Pak Prabowo! Bank Dunia Kasih Bocoran Cara Biar RI Tumbuh 8%
Jakarta, CNBC Indonesia - Bank Dunia atau World Bank mengungkapkan cara yang harus ditempuh Indonesia supaya bisa mencapai cita-cita pertumbuhan ekonomi pemerintahan Presiden Prabowo Subianto yang lebih tinggi dari angka potensialnya, yakni 8%.
Kepala Ekonom Bank Dunia untuk kawasan Asia Timur dan Pasifik Aaditya Mattoo mengatakan berbagai kebijakan memang telah digelontorkan pemerintah untuk mendukung laju pertumbuhan itu, mulai dari melalui program subsidi pangan, transportasi, dan energi.
"Menurut saya, kesenjangan antara tingkat pertumbuhan yang diinginkan dan tingkat pertumbuhan potensial tersebut sedang diisi melalui berbagai bentuk dukungan itu," kata Aaditya Mattoo saat konferensi pers secara daring, Selasa (7/10/2025).
Namun, Aaditya menekankan, berbagai program stimulus ekonomi yang diarahkan untuk menjaga aktivitas ekonomi masyarakat itu belum mampu menjawab tantangan besar dalam mendorong pertumbuhan ekonomi Indonesia lebih cepat ke depannya.
Salah satunya ialah tantangan untuk menciptakan lapangan pekerjaan yang layak dan lebih produktif bagi masyarakat. Sebab, tingkat pengangguran terbuka Indonesia untuk kaum muda (usia 15-24 tahun) kata Aaditya sangat tinggi, hampir menembus 15%.
Angka itu masih jauh lebih tinggi dari catatan tingkat pengangguran terbuka untuk usia produktif, yakni 25 tahun sampai dengan 54 tahun, yang ia sebut memang sudah cukup rendah di kisaran bawah 5%, dan golongan tua di kisaran 55 tahun sampai 64 tahun.
"Jadi pertanyaan yang lebih besar sejauh mana penekanan seharusnya diberikan pada reformasi struktural yang lebih mendalam, yang misalnya dapat memberikan dinamika baru bagi perekonomian Indonesia dan sekaligus menjawab berbagai persoalan yang ada saat ini, khususnya dalam menciptakan lapangan kerja yang lebih baik dan lebih produktif bagi masyarakat," ucapnya.
Aaditya mengatakan, masalah utama yang harus dijawab untuk mendorong ekonomi lebih cepat, melalui penciptaan lapangan kerja yang formal atau layak, bisa dilakukan dengan cara fokus dalam menggaet investasi.
Ia mengakui, pemerintah saat ini telah banyak melakukan berbagai cara untuk menciptakan iklim investasi yang berkualitas, seperti penerbitan Omnibus Law Cipta Kerja, hingga pembentukan sovereign wealth fund (SWF) seperti Badan Pengelola Investasi (BPI) Danantara.
"Namun, persoalannya yang kerap terjadi di negara-negara kawasan ini adalah peraturan yang disusun memang ambisius, tetapi pelaksanaannya lemah.

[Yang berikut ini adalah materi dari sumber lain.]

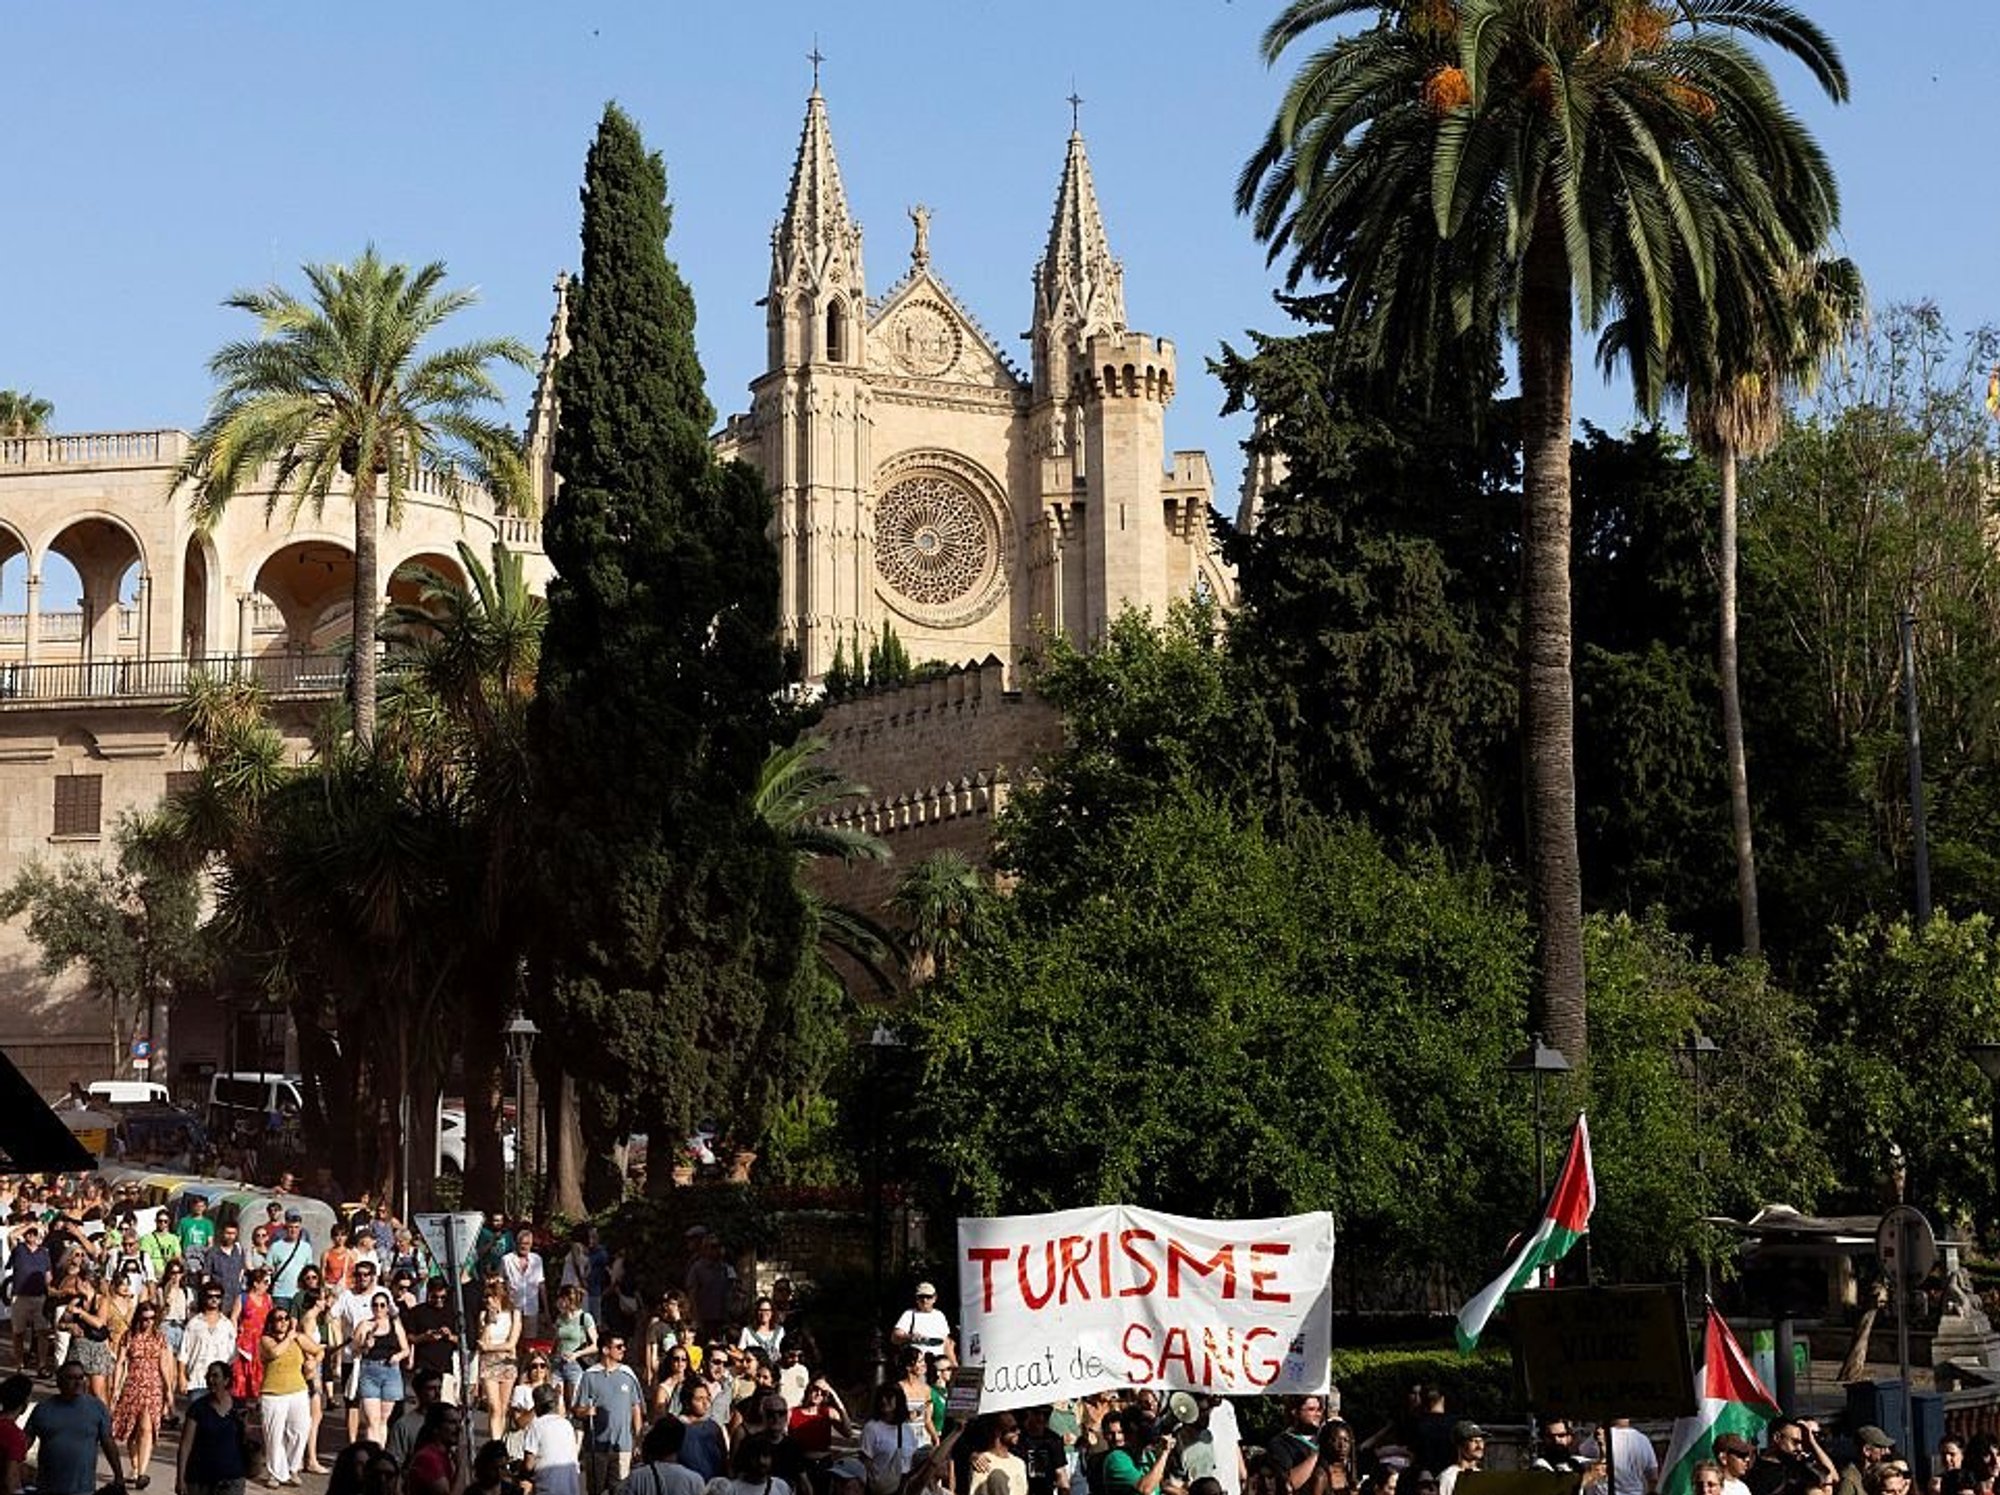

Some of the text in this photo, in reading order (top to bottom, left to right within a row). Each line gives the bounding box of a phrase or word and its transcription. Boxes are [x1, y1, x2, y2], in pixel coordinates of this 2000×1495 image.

[967, 1229, 1292, 1314] TURISME
[1069, 1346, 1104, 1380] de
[1122, 1322, 1281, 1388] SANG
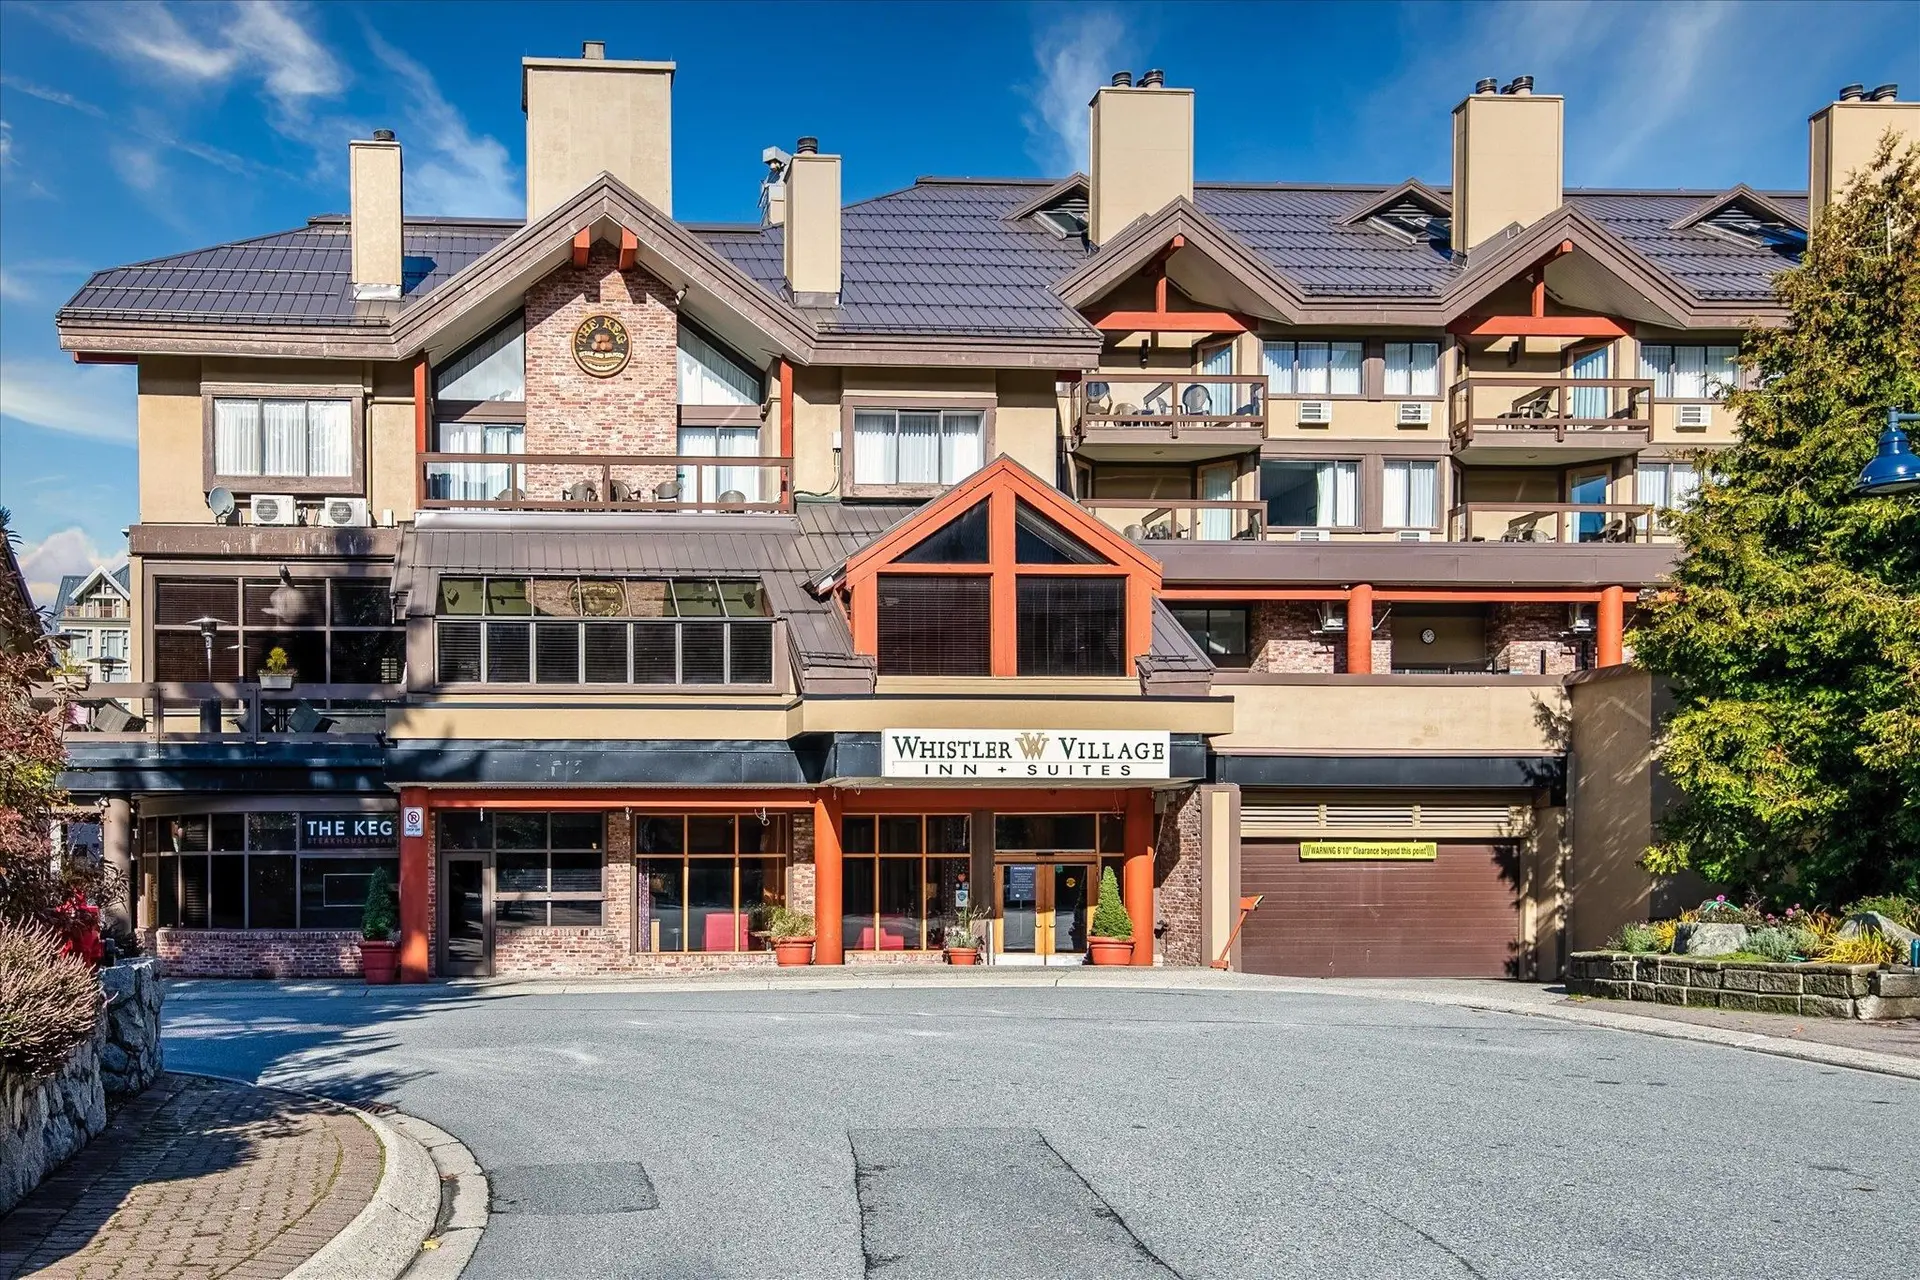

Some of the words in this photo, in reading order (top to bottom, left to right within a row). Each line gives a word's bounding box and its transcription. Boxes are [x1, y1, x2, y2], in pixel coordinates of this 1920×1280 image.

[576, 319, 599, 345] THE
[603, 318, 627, 344] KEG
[924, 764, 977, 775] INN
[1027, 764, 1131, 776] SUITES
[307, 820, 345, 836] THE
[354, 820, 393, 836] KEG
[307, 837, 369, 845] STEAKHOUSE
[1311, 846, 1336, 855] WARNING
[1353, 846, 1379, 855] Clearance
[1380, 846, 1400, 857] beyond
[1401, 846, 1411, 855] this
[1412, 846, 1426, 857] point

Jadi, menurut saya, salah satu tantangan utama yang dihadapi Indonesia saat ini adalah memastikan bahwa negara ini dapat mendorong peningkatan investasi," ucap Aaditya.
Menurut Aaditya, Bank Indonesia (BI) juga telah diarahkan dan berkomitmen untuk terus menjaga suku bunga acuan yang rendah untuk memperkuat iklim investasi di dalam negeri, di samping dengan fokus pemerintah yang terus melaksanakan kebijakan hilirisasi dan pembentukan kawasa ekonomi khusus (KEK).
Tapi, Aaditya menganggap, segala bentuk kebijakan itu tak akan mampu memberi efek lebih dalam peningkatan investasi bila pemerintah masih terlalu banyak menerapkan kebijakan pembatasan perdagangan.
"Kebijakan perdagangan yang masih bersifat restriktif telah membuat Indonesia tersisih dari rantai nilai global di sektor manufaktur. Karena itu, saya menilai pelaksanaan reformasi yang sudah diterapkan Indonesia, serta langkah reformasi yang lebih ambisius untuk membuka perdagangan dan meningkatkan persaingan kan sangat berpengaruh besar bagi perekonomian," tegasnya.